Practicing community outreach and research—alongside writing community scholarship—requires an attention to place in the present, as a literal site of practice with material conditions. It also requires an attention to place in the past and future, as an imaginary as well as historical engagement of what a place once was for people and what it has yet to become. Literacy work is, as Paulo Freire describes, a “constant unveiling of reality” (8) toward the end of creating “revolutionary futurity” (10). Explained in more concrete terms, when “people develop their power to perceive critically the way they exist in the world and with which and in which they find themselves” then they can begin to transform their reality, both ecologically and socially (Freire 9). Community work and scholarship continually unveils reality to change and shape it, and this process is a form of place-making.

It is hard to separate the words of education and community scholars from the locations through and in which they write; location is not a backdrop for abstract theories of literacy, but it is the source of those investigations. For example, rural Nebraska and its prairie shapes Robert Brooke’s reflections on place-conscious education as a way to create responsive citizens (Rural Voices: Place-Conscious Education and the Teaching of Writing); Harlem’s crowded streets after a show at the Apollo are the rhythms behind Valerie Kinloch’s arguments for a critical stance toward gentrification and loss of black culture (Harlem on Our Minds: Place, Race, and the Literacies of Urban Youth); and the urban community college campus with an open admissions policy—its students formerly academic outsiders, now moving from their worlds of work, to home, to school—underlie Ira Shor’s calls for a critical pedagogy that works to transform social inequalities (Critical Teaching and Everyday Life). It is not hard to think of several other place-based writings and educational theories in composition and community literacy scholarship.

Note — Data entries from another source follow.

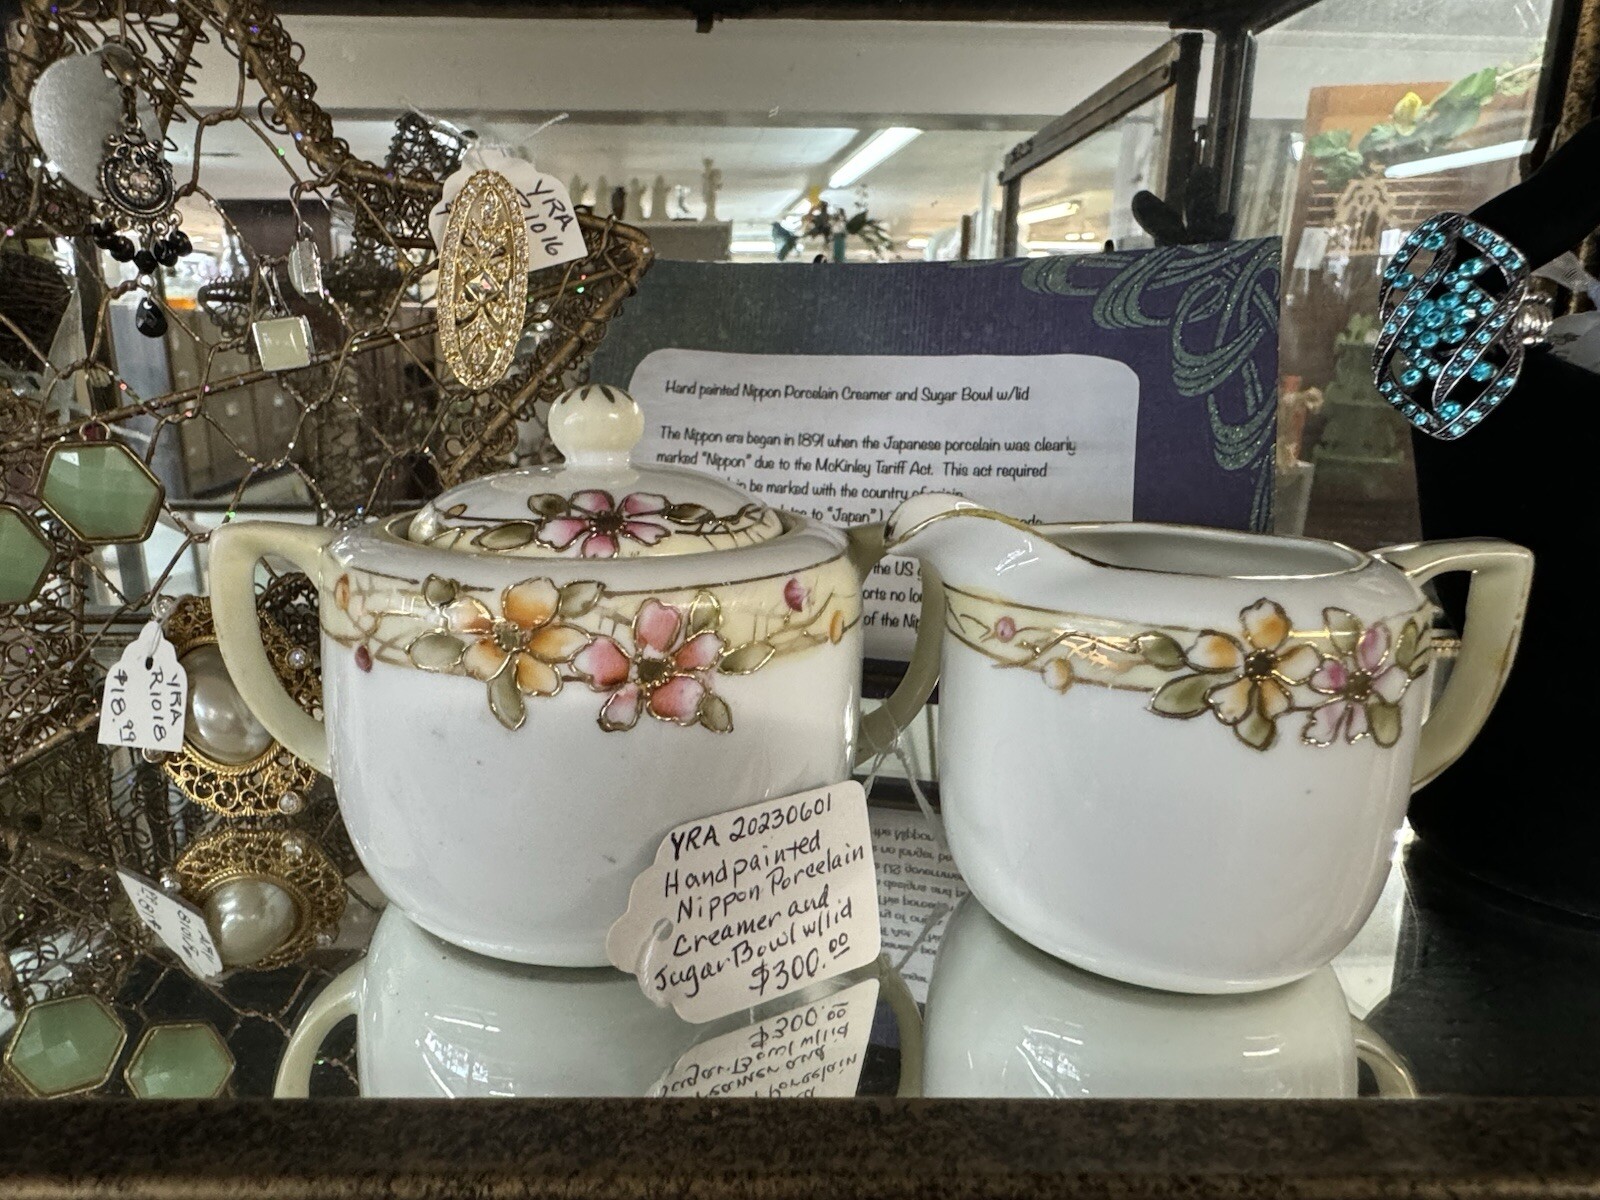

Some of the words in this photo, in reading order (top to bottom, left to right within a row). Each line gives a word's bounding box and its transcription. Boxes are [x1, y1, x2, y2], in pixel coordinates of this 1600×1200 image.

[527, 179, 574, 232] YRA
[665, 380, 697, 395] Hand
[700, 383, 740, 399] painted
[742, 384, 781, 402] Nippon
[784, 385, 838, 400] Porcelain
[841, 386, 892, 401] Creamer
[895, 387, 918, 401] and
[920, 387, 958, 405] Sugar
[961, 387, 993, 401] Bowl
[996, 386, 1030, 401] w/lid
[661, 425, 680, 440] The
[684, 428, 722, 446] Nippon
[725, 433, 744, 444] era
[746, 431, 781, 448] began
[784, 434, 794, 445] in
[798, 433, 824, 447] 1891
[828, 434, 858, 449] when
[862, 435, 880, 450] the
[883, 435, 941, 454] Japanese
[944, 436, 1000, 454] porcelain
[1004, 441, 1030, 452] was
[1034, 435, 1077, 456] clearly
[656, 450, 698, 465] marked
[702, 451, 752, 471] "Nippon"
[754, 455, 775, 470] due
[779, 458, 790, 470] to
[794, 456, 812, 471] the
[815, 457, 871, 477] McKinley
[875, 460, 907, 475] Tariff
[909, 461, 934, 476] Act.
[943, 461, 969, 477] This
[972, 463, 992, 477] act
[996, 462, 1048, 481] required
[750, 479, 763, 492] be
[766, 480, 809, 496] marked
[812, 483, 836, 497] with
[840, 483, 858, 498] the
[861, 485, 908, 502] country
[811, 508, 824, 521] to
[895, 561, 913, 577] US
[862, 588, 886, 600] orts
[890, 591, 906, 602] no
[863, 611, 879, 626] of
[881, 612, 899, 628] the
[149, 666, 166, 742] R1018
[167, 674, 182, 726] YRA
[670, 826, 721, 861] YRA
[729, 793, 832, 841] 20230601
[676, 888, 761, 924] Nippon
[765, 842, 865, 892] Porcelain
[672, 910, 781, 958] Creamer
[788, 884, 829, 919] and
[654, 957, 731, 998] Sugar
[730, 923, 796, 969] Bowl

This discussion of community literacy work and place reminds us of how Anne Ruggles Gere drew attention to the “extracurricular”—or places beyond the university—where we find literacy at work. In her article, now over twenty years old, she writes, “They [writers] may gather in rented rooms in the Tenderloin, around kitchen tables in Lansing, Iowa, or in a myriad of other places to write their worlds. The question remains whether we will use classroom walls as instruments of separation or communication” (91). The answer, if I can be so bold as to claim one, is now here—the “extracurricular” is becoming the curricular as more educators are advocating for place-based literacies under names like service-learning, place-conscious education, ecocomposition and ecopedagogy, and urban and rural literacy studies. These subfields, of course, are not one in the same as they draw on [End Page 59] scholarship from different disciplines with different methods and different ways of making (and counting) knowledge, and yet, there is a central theme here—the study of place as unveiling and shaping social and ecological reality.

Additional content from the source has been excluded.